Imaginaste que el día del casi beso te rehuyó por puro susto. En ése momento habías olvidado que él era un tipo comprometido.
Probablemente ésa noche llegó al nido      -léase: el departamentito que compartía con su novia– y se abrazó a la cintura de su mujer. Ése sólo acto le bastó para convencerse y aplaudirse a sí mismo por haberse echado hacia atrás cuando un par de labios quisieron capturarlo. Un beso no se le niega a nadie, dicen. Pero él te lo negó… ¡y de qué manera!

Tu vida siempre fue una causa -efecto. Bastaba que te corrieras apenas de la línea que enderezaba tus días, para arrepentirte y ponerte en el lugar del otro –siempre, no fallabas nunca–. Esa bendita –o maldita– costumbre que no te hacía mejor, sino peor. Si una boca hubiera buscado la tuya con hambre de besos, de seguro te hubieras confundido y hubieras corrido a los brazos de tu hombre. Los besos de prepo son amenazas constantes. ¿Peter se sintió amenazado por tu boca? ¿Le dabas miedo?

Y cuando uniste con el dedo el número tres con la letra A en un portero eléctrico, Alicia caminó a vos de forma musical y tan pacífica como cualquier psicóloga.

-¿Hace cuánto que no lloro en una sesión? –preguntaste después de llevar quince minutos acostada en un verdadero diván– tampoco te digo que estoy para que me des el alta, eh –le advertiste por las dudas.

-¿Qué pasa, Mariana? ¿Qué es lo que sentís? –y supiste (porque no la veías) que se había acomodado en su asiento de mimbre.

-Invasión… eso siento… siento que todo el tiempo me invaden…

-Invasión –susurró– ¿Quiénes te invaden? –y se mostraba demasiado tranquila, lo que te exasperaba cada vez un poco más.

-Mi hermana, principalmente –y tomaste una buena bocanada de aire– Mica es divina… es mi hermana y la amo… pero… no deja de tener diecisiete años… y cree que puede llevarse al mundo por delante… y no… me desesquematizó todo… la casa, los horarios, la vida… desde hace casi dos meses.

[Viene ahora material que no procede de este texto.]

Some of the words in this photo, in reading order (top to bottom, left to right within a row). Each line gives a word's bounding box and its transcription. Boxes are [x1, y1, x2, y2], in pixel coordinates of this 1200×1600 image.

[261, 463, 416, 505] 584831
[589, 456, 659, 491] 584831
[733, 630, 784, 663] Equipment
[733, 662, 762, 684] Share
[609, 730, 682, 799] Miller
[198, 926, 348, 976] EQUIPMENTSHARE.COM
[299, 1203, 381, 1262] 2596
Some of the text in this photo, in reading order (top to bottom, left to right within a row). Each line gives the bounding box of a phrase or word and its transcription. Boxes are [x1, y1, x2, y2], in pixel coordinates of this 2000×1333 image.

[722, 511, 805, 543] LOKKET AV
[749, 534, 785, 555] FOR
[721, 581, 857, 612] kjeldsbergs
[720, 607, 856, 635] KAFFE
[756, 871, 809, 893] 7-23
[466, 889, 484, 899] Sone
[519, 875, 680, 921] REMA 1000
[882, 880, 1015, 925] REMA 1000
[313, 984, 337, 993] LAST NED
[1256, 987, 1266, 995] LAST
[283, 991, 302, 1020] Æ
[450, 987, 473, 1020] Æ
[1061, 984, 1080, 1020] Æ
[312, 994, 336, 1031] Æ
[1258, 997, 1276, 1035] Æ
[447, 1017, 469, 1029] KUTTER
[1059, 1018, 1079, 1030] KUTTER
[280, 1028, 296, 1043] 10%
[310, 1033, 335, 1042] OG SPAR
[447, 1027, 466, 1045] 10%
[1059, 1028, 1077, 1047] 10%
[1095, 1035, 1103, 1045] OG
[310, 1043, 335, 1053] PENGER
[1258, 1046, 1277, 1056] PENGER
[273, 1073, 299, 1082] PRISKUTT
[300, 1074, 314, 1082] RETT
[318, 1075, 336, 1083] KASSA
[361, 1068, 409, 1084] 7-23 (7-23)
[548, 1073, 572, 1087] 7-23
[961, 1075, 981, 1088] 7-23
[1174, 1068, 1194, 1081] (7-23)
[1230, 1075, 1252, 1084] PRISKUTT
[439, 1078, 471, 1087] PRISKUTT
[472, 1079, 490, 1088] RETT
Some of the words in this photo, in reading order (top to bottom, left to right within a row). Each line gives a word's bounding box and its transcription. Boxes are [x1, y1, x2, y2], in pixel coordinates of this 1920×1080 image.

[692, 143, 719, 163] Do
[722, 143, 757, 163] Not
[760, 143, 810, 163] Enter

Entonces, por un motivo no identificado, comenzaste a recular sobre la historia de tú familia. De primer momento recordaste la separación de tus viejos. Tenías veintidós años. Fue en ése momento en el que decidiste irte a vivir sola. Hacía tiempo que necesitabas tu espacio, y las peleas constantes entre tu papá y tu mamá no eran de gran ayuda. Sabías que en el fondo de sus corazones se amaban con locura, pero una crisis económica los desestabilizó. La guita no llegaba a fin de mes: tu vieja ama de casa no entendía cómo tu viejo –empleado de una empresa extranjera– no ganaba más plata. Entonces claro, se les vino la malaria. Se sucumbieron en la negrura misma y por la salud mental de sus dos hijas, tomaron distancia. Distancia ésta que se construyó a base de llanto y dolor. Se extrañaban con necesidad y se querían para siempre.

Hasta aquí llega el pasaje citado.